Tucson: As residents lined the streets to bid a bittersweet farewell to Representative Gabrielle Giffords, who was moved to a rehabilitation hospital in Houston on Friday, she responded to their cheers with a smile and tears, her doctor said.

"She could hear it," said Dr Randall Friese, a trauma surgeon who accompanied Giffords to Texas.

"She smiled, and then she actually teared up a little bit. It was very emotional, very heart-wrenching."

So was the raw sentiment on the streets of Tucson, an outpouring of reverence that appeared to bind the battered city together 13 days after a gunman killed six people and wounded 13, including Giffords.

The Arizona Democrat, who was shot through the head, left her hometown with the kind of police motorcade and live TV coverage often reserved for a head of state.

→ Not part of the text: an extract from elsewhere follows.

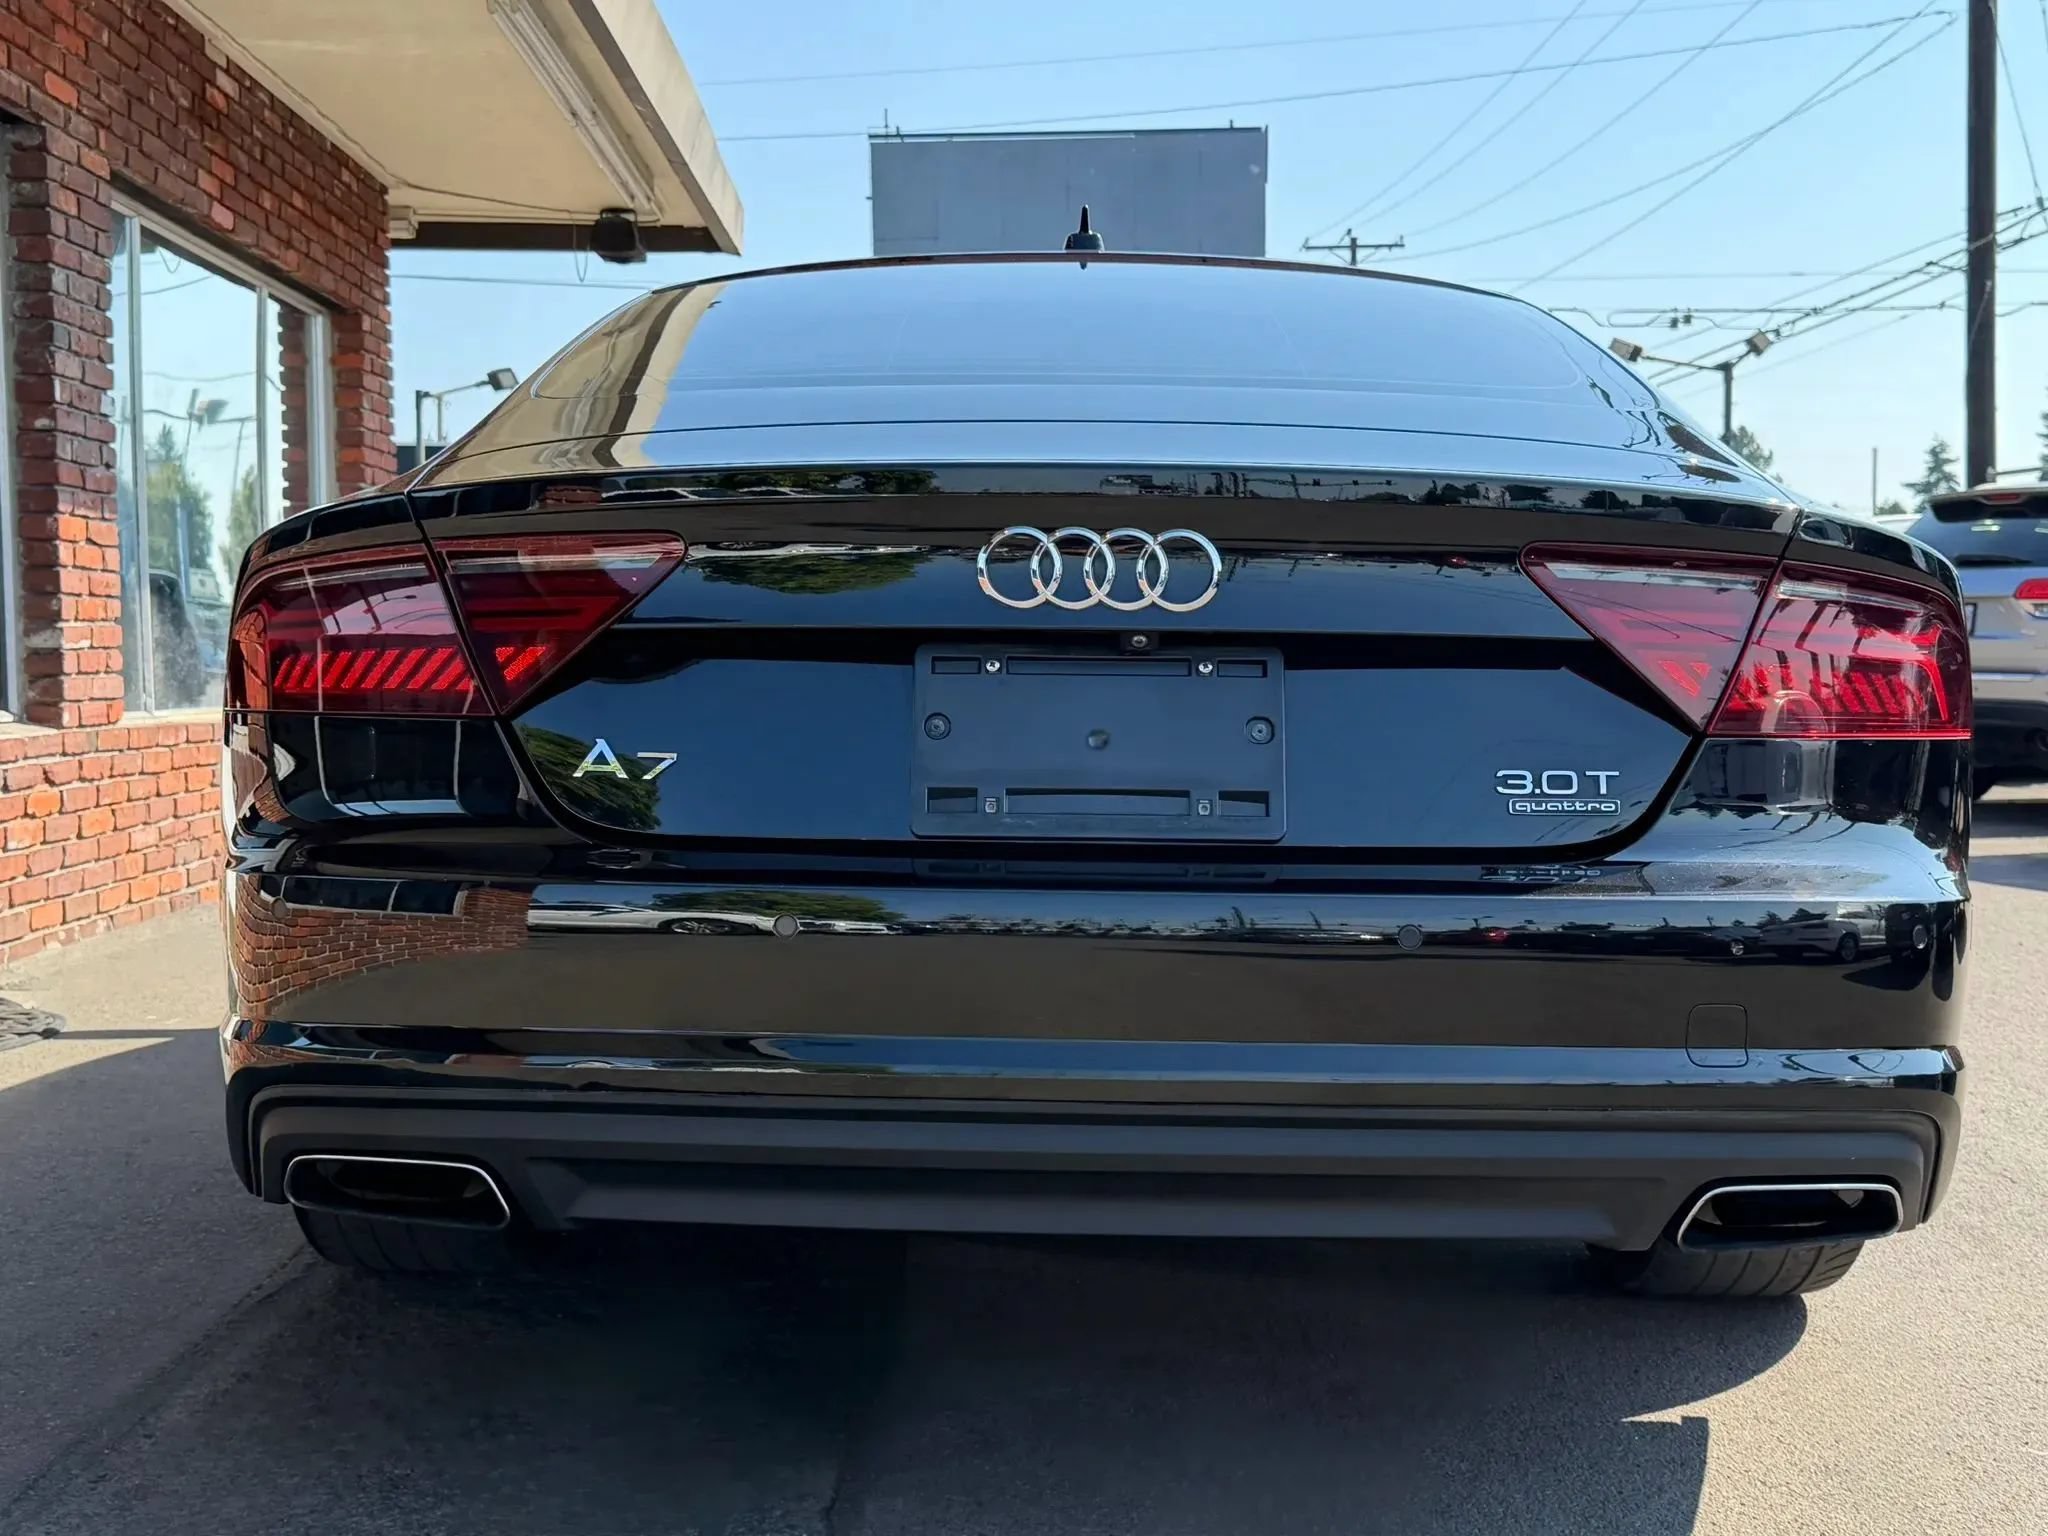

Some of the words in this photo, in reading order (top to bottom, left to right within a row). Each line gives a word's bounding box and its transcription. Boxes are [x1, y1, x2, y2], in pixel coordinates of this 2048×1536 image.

[572, 738, 678, 780] A7
[1496, 769, 1620, 795] 3.0T
[1514, 799, 1617, 813] quattro

"We just wanted to come today and say goodbye," said Dot Jones, 63, her eyes welling with tears as the procession passed.

"In some ways, I don't think Tucson will ever get over it," said her husband, John, 63.

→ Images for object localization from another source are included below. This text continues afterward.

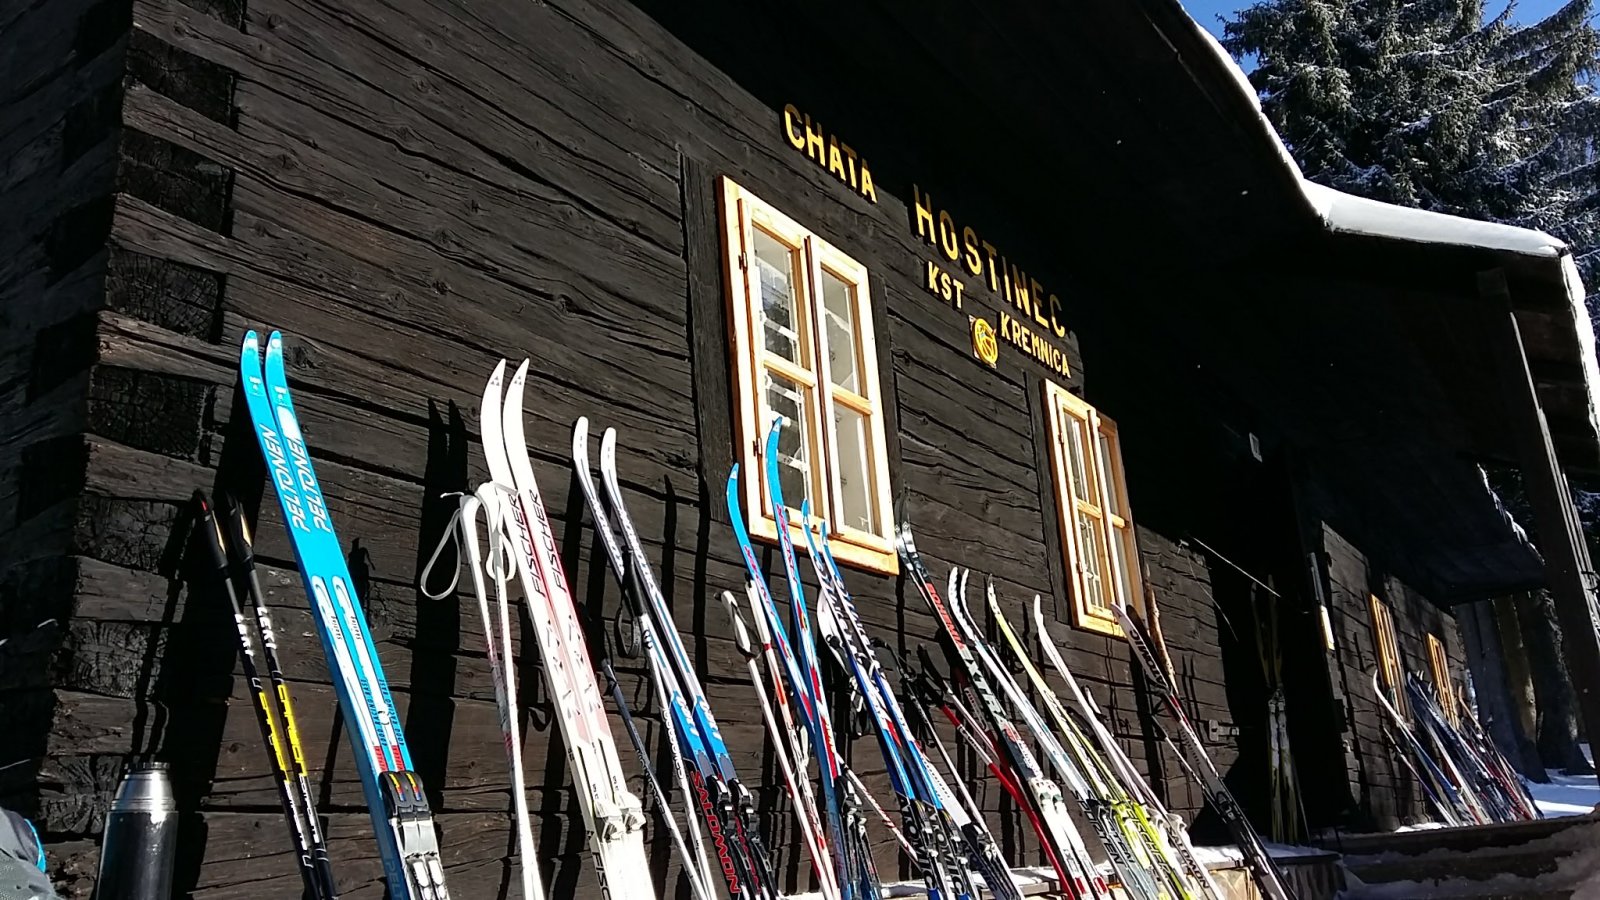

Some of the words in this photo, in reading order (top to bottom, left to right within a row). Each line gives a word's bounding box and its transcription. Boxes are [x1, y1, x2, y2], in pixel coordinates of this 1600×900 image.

[784, 103, 877, 203] CHATA
[913, 184, 1066, 339] HOSTINEC
[928, 261, 964, 309] KST
[1000, 310, 1071, 379] KREMNICA
[259, 424, 311, 533] PELTONEN
[508, 493, 546, 597] FISCHER
[529, 489, 567, 594] FISCHER
[234, 614, 254, 657] LEKI
[257, 607, 277, 650] LEKI
[924, 582, 965, 650] BOHEMIA
[1128, 629, 1166, 684] ATOMIC
[690, 769, 741, 894] SALOMON
[900, 801, 935, 890] ATOMIC
[926, 803, 967, 896] ATOMIC
[1070, 790, 1124, 864] SPORTEN
[1126, 808, 1172, 876] FISCHER
[1164, 825, 1210, 889] SALOMON
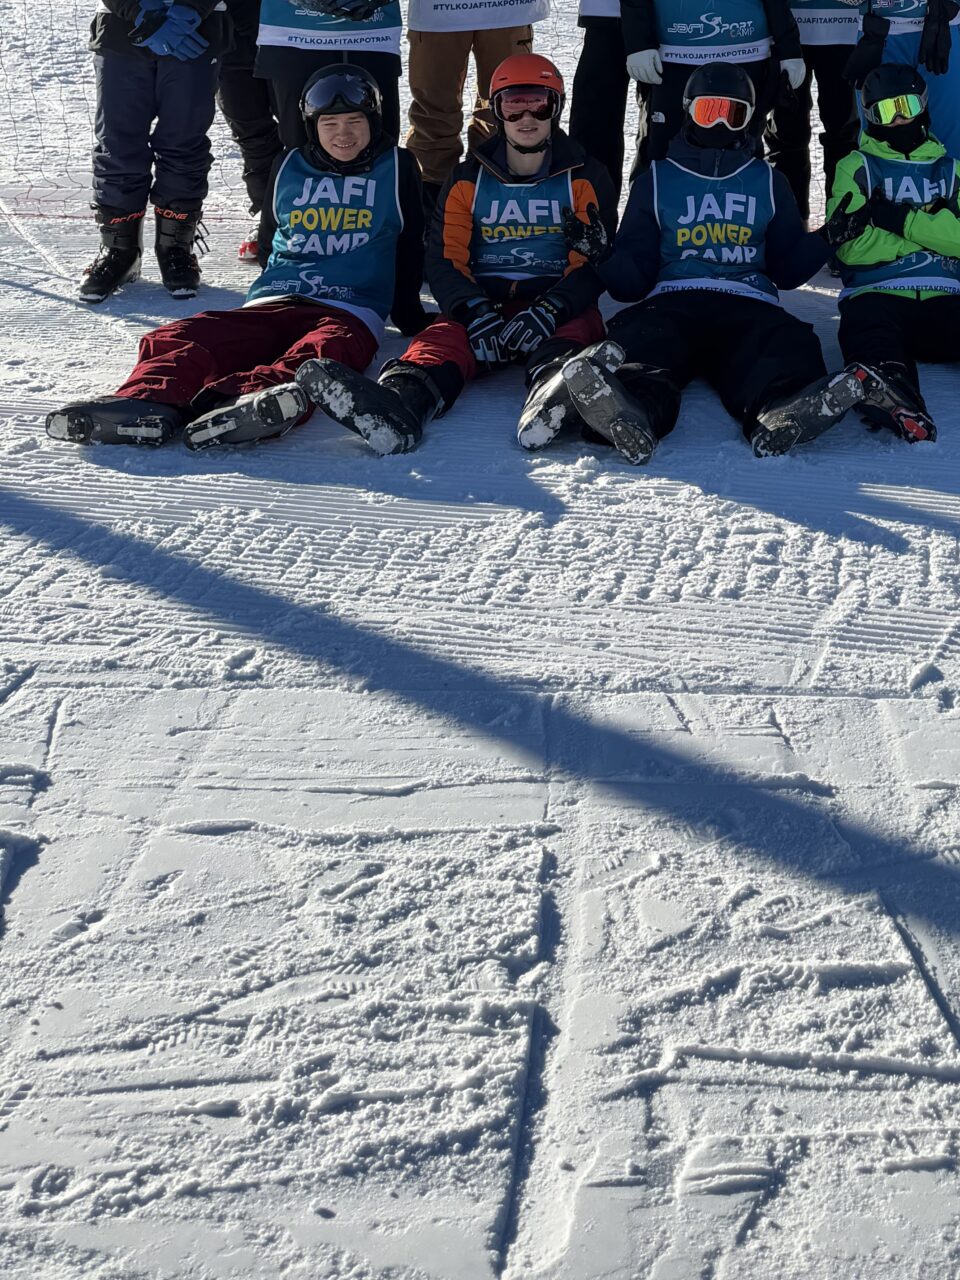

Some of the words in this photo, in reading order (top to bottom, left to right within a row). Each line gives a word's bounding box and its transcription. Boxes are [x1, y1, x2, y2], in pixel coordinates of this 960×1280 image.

Led by a dozen police motorcycles, an ambulance carrying Giffords left University Medical Center at 9.22am and drove to Davis-Monthan Air Force Base, where she was transferred onto an air ambulance for the flight to Houston.

Giffords' husband, Mark Kelly, her mother, Gloria Giffords, an intensive care nurse and two congressional aides also accompanied her.

After the flight landed, a medevac helicopter ferried Giffords to the trauma centre at TIRR Memorial Hermann hospital.

Doctors said that the transfer went flawlessly and that Giffords would get her first rehabilitation session Friday afternoon.

"She looks spectacular," Dr Dong Kim, chief neurosurgeon, said at a news conference.

"She looks awake, calm and comfortable."

Dr John Holcomb, who heads the medical team, said Giffords would remain in the intensive care unit at least until next week to ensure no infections develop.

Kim said Giffords may require four to six months of speech and physical therapy.

Doctors will move her to the hospital's Institute for Rehabilitation and Research, which specialises in the treatment of brain injuries.